# fish307.com Minn Kota Trolling Motor Parts Order Experience



## iMacattack (Dec 11, 2006)

Thought sharing my experience could be useful for others here. The slip yoke that connects the handle to the speed controller failed this past Sunday. Started to hunt down parts and came across fish307.com. Their prices were fair and the best part is they indicated everything I needed was in-stock. Not something I can say for other online retailers.

I decided to not only replace the yoke but the entire control head. They have PDF exploded view diagrams for my model and year. In there I got all the part numbers and ordered everything to rebuild the control box. All the plastic covers, every screw and other required part. For my 2006 Minn Kota Riptide SC 70 the entire project cost me just over $67.00.
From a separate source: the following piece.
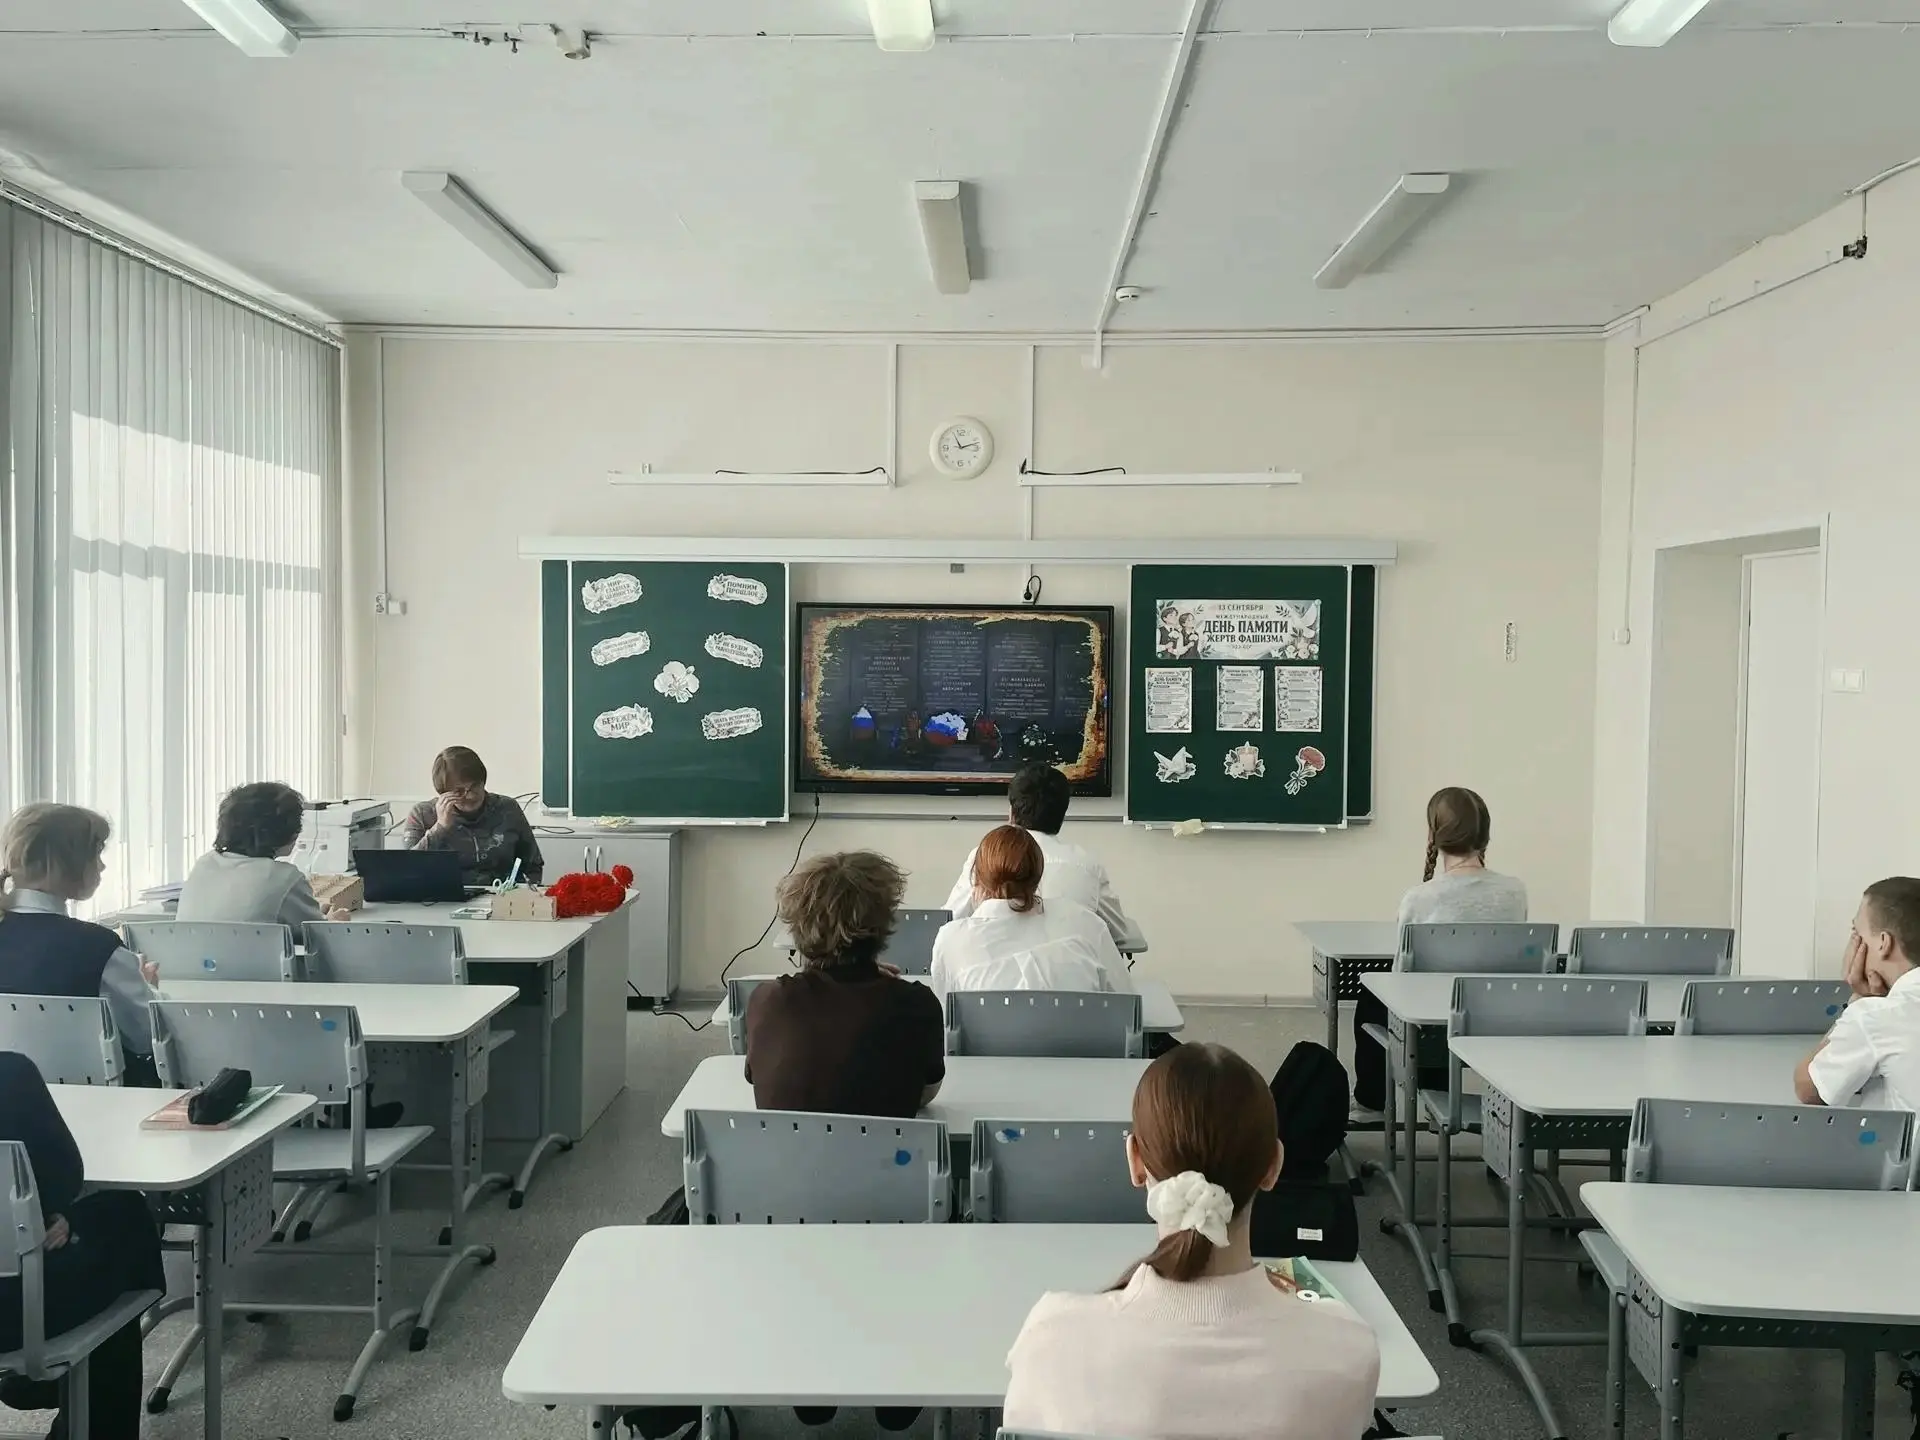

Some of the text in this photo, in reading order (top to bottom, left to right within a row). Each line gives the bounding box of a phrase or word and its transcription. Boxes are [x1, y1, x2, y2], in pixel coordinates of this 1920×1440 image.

They clearly state on their site how their process works and what to expect.

*IMPORTANT INFORMATION*

_*Please Note* Trolling Motor Parts May Take 5 - 7 Business Days Before Shipping. We will notify you via email about any out of stock or backordered parts._
_*ALL PARTS ARE SOLD SEPARATELY (in quantities of 1) If the schematic indicates you need more than 1, order accordingly.*_
*No Returns Or Exchanges On Any Electronic Parts, Boards, Or Switches*
Monday I placed my order and expected to wait up to two weeks before my order would be processed and shipped. I received an email Monday evening my parts were being shipped that day and they should arrive Wednesday. And they did!

So with minimal effort I replaced everything as the plastics from 2006 were looking well used...










Based on this experience I will certainly use them again when the need arises.

Cheers
Capt. Jan


----------



## Mako 181 (May 1, 2020)

I had a good experience with them too but if I remember correctly the shipping cost were a little high. 

I also use Marine Carpet in Georgia for my TM parts.


----------



## iMacattack (Dec 11, 2006)

Mako 181 said:


> I had a good experience with them too but if I remember correctly the shipping cost were a little high.
> 
> I also use Marine Carpet in Georgia for my TM parts.


For my order they had three shipping options. FREE, Expedited and RUSH. I selected FREE.


----------



## jcwoodard (Sep 19, 2020)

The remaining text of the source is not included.